CHABOT SPACE AND SCIENCE CENTER State-of-the-art facility unifying science education activities around astronomy. Enjoy interactive exhibits, hands-on activities, indoor stargazing, outdoor telescope viewing and films. 

ASK JEEVES PLANETARIUM -- Ongoing. The planetarium features one of the most advanced star projectors in the world. A daily planetarium show is included with general admission. Call for current show schedule.  

"Astronaut," ongoing. What does it take to be part of the exploration of space? Experience a rocket launch from inside the body of an astronaut. Explore the amazing worlds of inner and outer space, from floating around the International Space Station to maneuvering through microscopic regions of the human body. Narrated by Ewan McGregor. 25 min. 

"Space NOW!", ongoing. Each week, this real-time ride through constellations, stars, and planets will reflect current happenings in our sky. Space NOW! will also tie in activities going on throughout the center. This is Chabot's first daytime guided tour of the universe. 

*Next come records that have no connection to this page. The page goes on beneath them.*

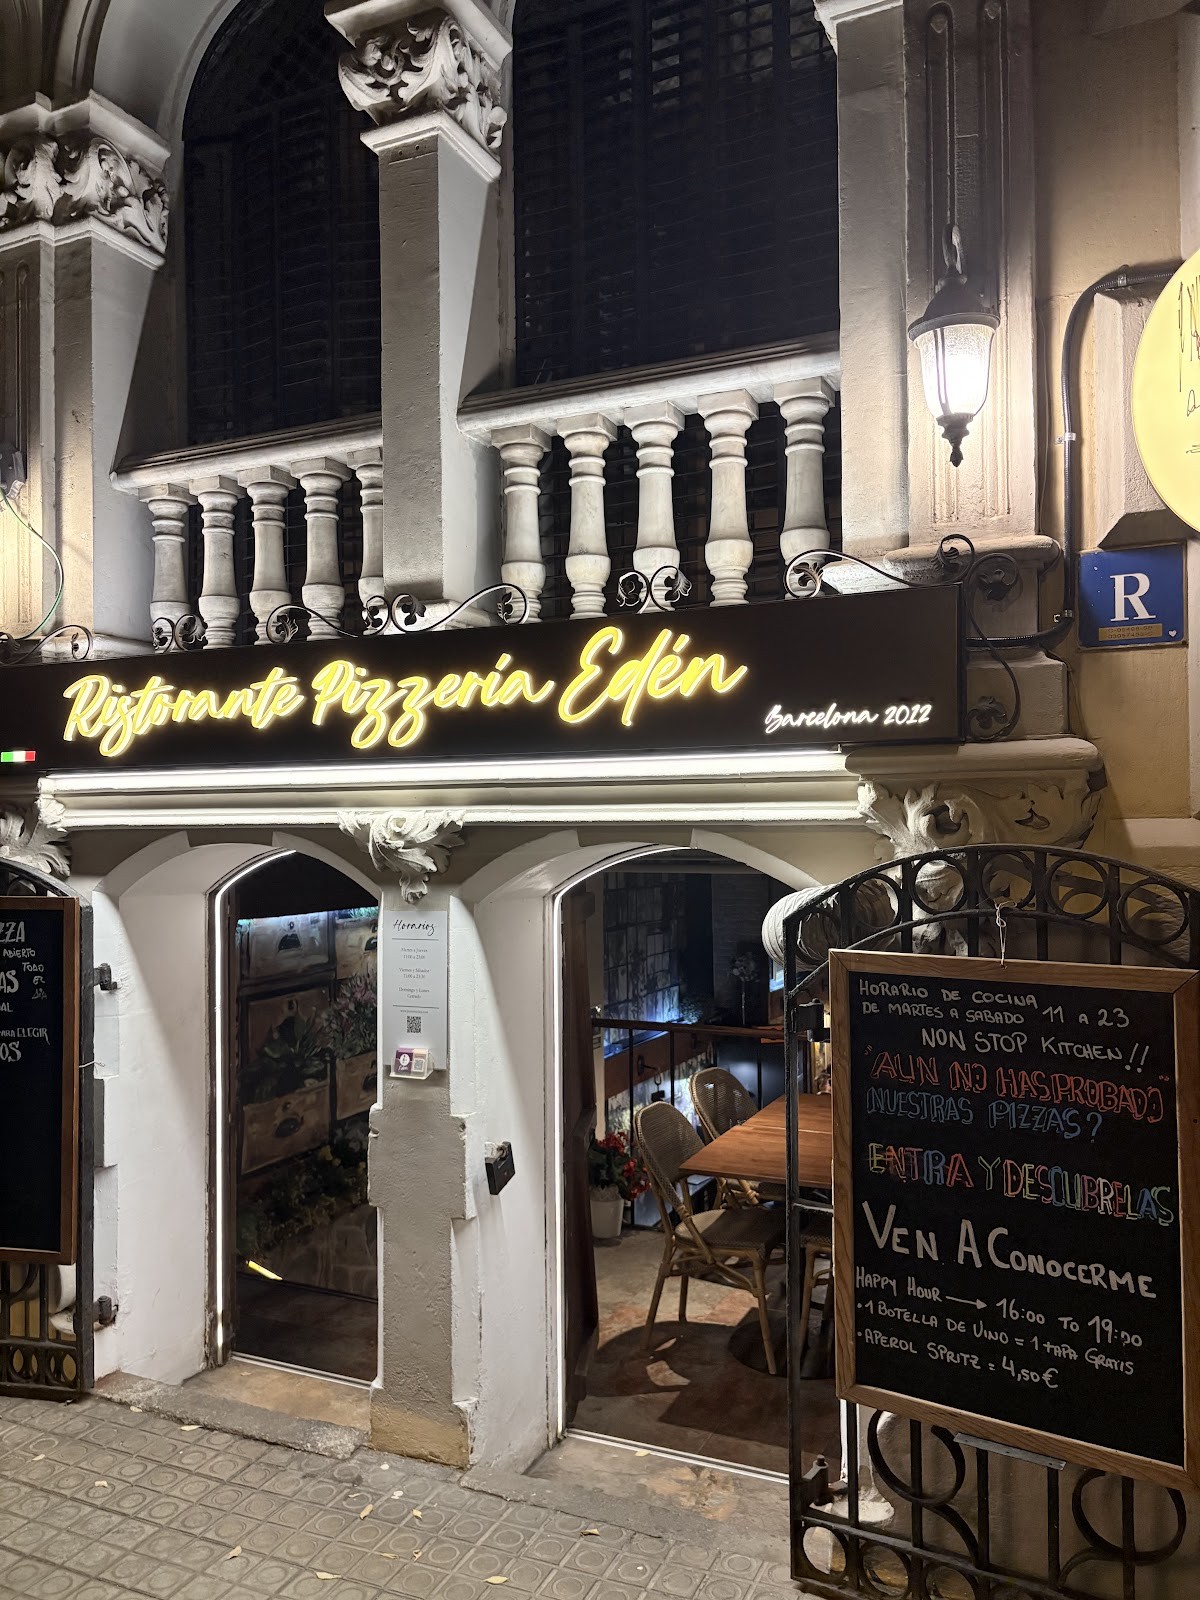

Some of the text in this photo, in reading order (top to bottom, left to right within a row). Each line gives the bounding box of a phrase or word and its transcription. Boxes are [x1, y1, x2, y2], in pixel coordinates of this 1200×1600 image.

[1110, 571, 1157, 622] R
[63, 626, 749, 758] Ristorante Pizzería Edén
[764, 702, 933, 735] Barcelona 2012
[859, 978, 1039, 1010] HORARIO DE COCINA
[862, 1001, 880, 1015] DE
[887, 1002, 944, 1019] MARTES
[949, 1007, 960, 1019] A
[965, 1009, 1025, 1025] SABADO
[1042, 1005, 1065, 1024] 11
[1097, 1007, 1131, 1029] 23
[921, 1027, 967, 1052] NON
[974, 1030, 1028, 1054] STOP
[948, 1060, 988, 1094] NO
[995, 1066, 1051, 1101] HAS
[866, 1085, 975, 1125] NUESTRAS
[867, 1142, 1175, 1227] ENTRA Y DESCUBRELAS
[861, 1200, 940, 1262] VEN
[957, 1218, 983, 1269] A
[995, 1297, 1046, 1325] 16:00
[1057, 1316, 1081, 1333] TO
[864, 1327, 918, 1355] APEROL
[926, 1341, 982, 1371] SPRITZ
[877, 1300, 939, 1329] BOTELLA
[945, 1317, 967, 1334] DE
[972, 1319, 1010, 1345] VINO
[1029, 1334, 1039, 1351] 1
[1084, 1347, 1135, 1376] GRATIS

"Sonic Vision," ongoing. Friday-Saturday, 9:15 p.m. This show uses the latest digital technology to illuminate the planetarium with colorful computer-generated imagery set to today's popular music, including Radiohead, U2, David Bowie, Coldplay, Moby and more. 

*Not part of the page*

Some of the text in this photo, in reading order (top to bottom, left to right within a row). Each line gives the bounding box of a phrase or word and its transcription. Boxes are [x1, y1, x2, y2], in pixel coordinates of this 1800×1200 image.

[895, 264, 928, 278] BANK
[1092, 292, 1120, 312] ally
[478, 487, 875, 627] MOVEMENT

"Dawn of the Space Age," ongoing. Starting with the launch of Sputnik, this show covers important Russian space history as well as the American Gemini, Apollo and Shuttle programs. Be transported to the International Space Station, the X-prize winning private space ship and on to future Mars exploration. 

"Two Small Pieces of glass," ongoing. Celebrating the International Year of Astronomy, this show examines the history of the telescope, beginning 400 years ago, with Galileo's discoveries. 

"Tales Of The Maya Skies," ongoing. A full-dome planetarium show that explores the cosmology of the ancient Maya, along with their culture and their contributions to astronomy.Ongoing.  

"Beyond Blastoff," ongoing. Get a glimpse into the life of an astronaut and experience the mixture of exhilaration, adventure, and confinement that is living and working in space.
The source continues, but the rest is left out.